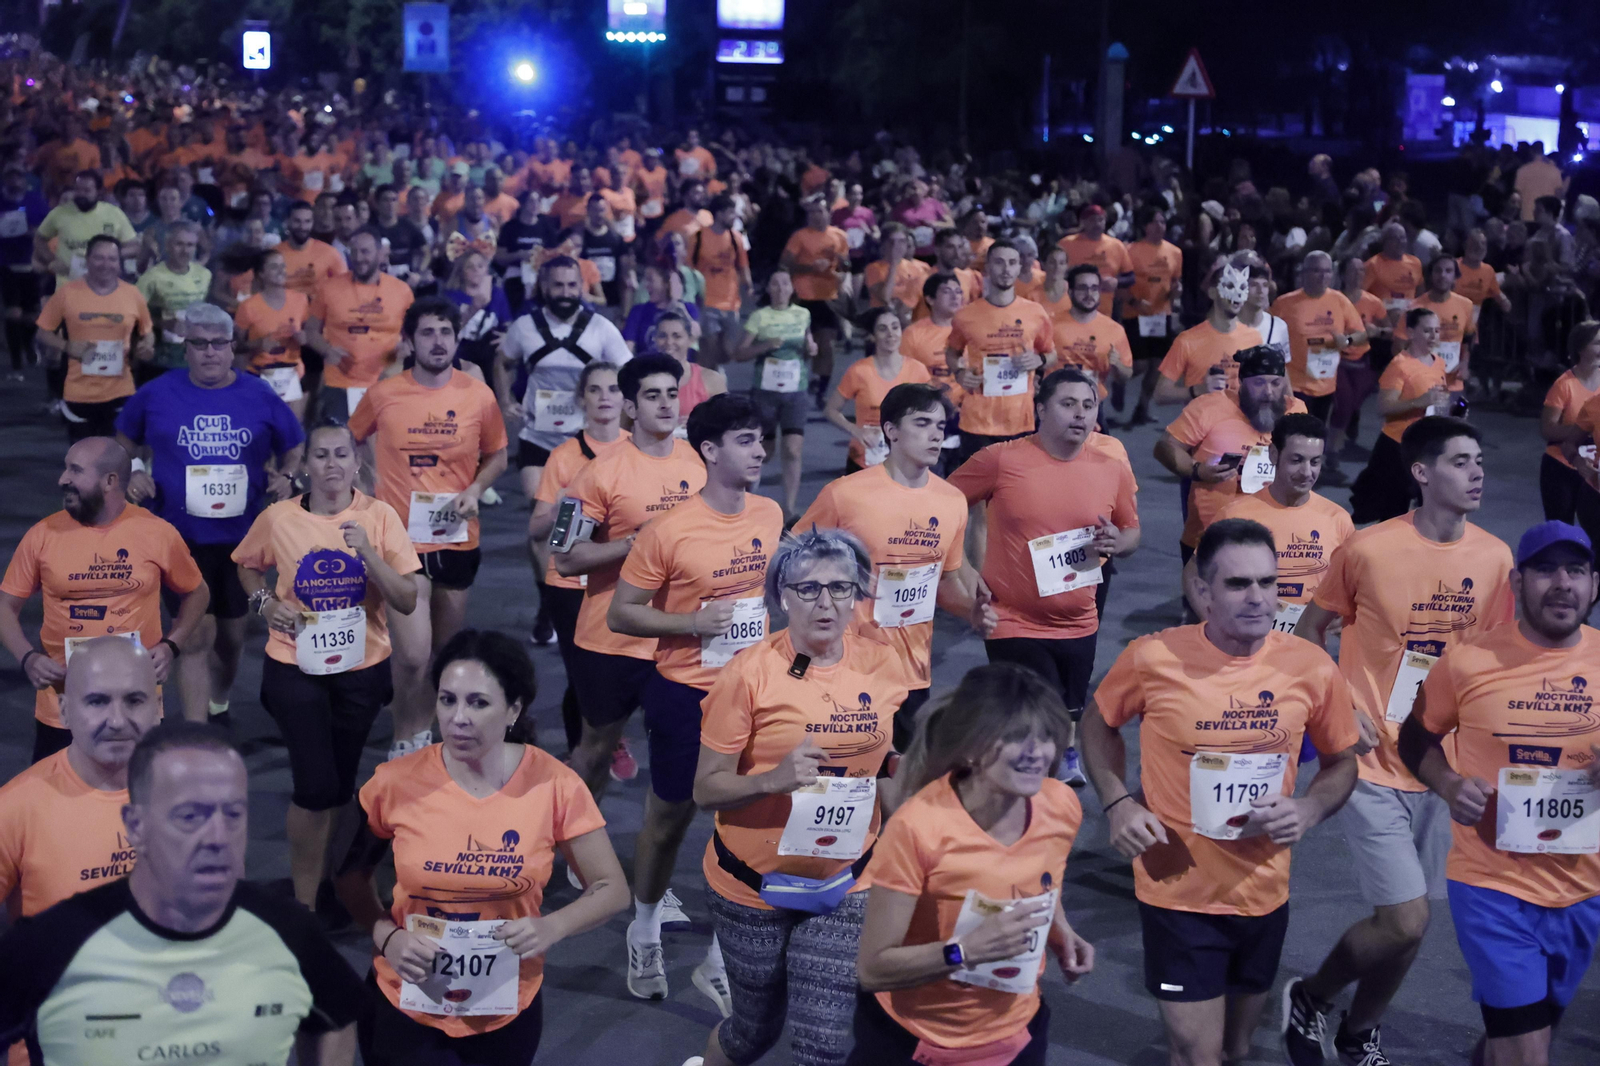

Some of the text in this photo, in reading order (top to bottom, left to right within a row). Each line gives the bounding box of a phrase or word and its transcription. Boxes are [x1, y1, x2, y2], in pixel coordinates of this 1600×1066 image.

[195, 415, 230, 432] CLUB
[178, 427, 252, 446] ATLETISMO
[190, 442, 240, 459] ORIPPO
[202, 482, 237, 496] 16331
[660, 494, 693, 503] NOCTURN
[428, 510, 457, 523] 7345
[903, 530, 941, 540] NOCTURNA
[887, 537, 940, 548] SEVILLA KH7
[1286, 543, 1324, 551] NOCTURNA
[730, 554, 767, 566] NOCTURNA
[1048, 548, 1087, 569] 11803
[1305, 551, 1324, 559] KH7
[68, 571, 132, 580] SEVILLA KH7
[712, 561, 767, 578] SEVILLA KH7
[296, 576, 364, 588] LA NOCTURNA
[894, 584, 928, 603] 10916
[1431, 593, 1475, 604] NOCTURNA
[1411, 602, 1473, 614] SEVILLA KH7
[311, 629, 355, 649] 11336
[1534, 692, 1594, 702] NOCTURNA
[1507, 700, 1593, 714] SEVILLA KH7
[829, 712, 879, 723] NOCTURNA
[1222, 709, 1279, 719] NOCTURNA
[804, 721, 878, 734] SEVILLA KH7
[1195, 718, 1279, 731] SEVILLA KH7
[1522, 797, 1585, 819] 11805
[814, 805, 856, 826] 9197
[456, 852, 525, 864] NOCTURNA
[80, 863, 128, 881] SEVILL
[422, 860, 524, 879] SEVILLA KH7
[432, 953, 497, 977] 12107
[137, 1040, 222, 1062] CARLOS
+ + + + + + +
■ **PROBLEM**: Every entry above should be given again exactly, with no images included.

■ **WRITTEN RESPONSE**:
Some of the text in this photo, in reading order (top to bottom, left to right within a row). Each line gives the bounding box of a phrase or word and its transcription. Boxes are [x1, y1, x2, y2], in pixel coordinates of this 1600×1066 image.

[195, 415, 230, 432] CLUB
[178, 427, 252, 446] ATLETISMO
[190, 442, 240, 459] ORIPPO
[202, 482, 237, 496] 16331
[660, 494, 693, 503] NOCTURN
[428, 510, 457, 523] 7345
[903, 530, 941, 540] NOCTURNA
[887, 537, 940, 548] SEVILLA KH7
[1286, 543, 1324, 551] NOCTURNA
[730, 554, 767, 566] NOCTURNA
[1048, 548, 1087, 569] 11803
[1305, 551, 1324, 559] KH7
[68, 571, 132, 580] SEVILLA KH7
[712, 561, 767, 578] SEVILLA KH7
[296, 576, 364, 588] LA NOCTURNA
[894, 584, 928, 603] 10916
[1431, 593, 1475, 604] NOCTURNA
[1411, 602, 1473, 614] SEVILLA KH7
[311, 629, 355, 649] 11336
[1534, 692, 1594, 702] NOCTURNA
[1507, 700, 1593, 714] SEVILLA KH7
[829, 712, 879, 723] NOCTURNA
[1222, 709, 1279, 719] NOCTURNA
[804, 721, 878, 734] SEVILLA KH7
[1195, 718, 1279, 731] SEVILLA KH7
[1522, 797, 1585, 819] 11805
[814, 805, 856, 826] 9197
[456, 852, 525, 864] NOCTURNA
[80, 863, 128, 881] SEVILL
[422, 860, 524, 879] SEVILLA KH7
[432, 953, 497, 977] 12107
[137, 1040, 222, 1062] CARLOS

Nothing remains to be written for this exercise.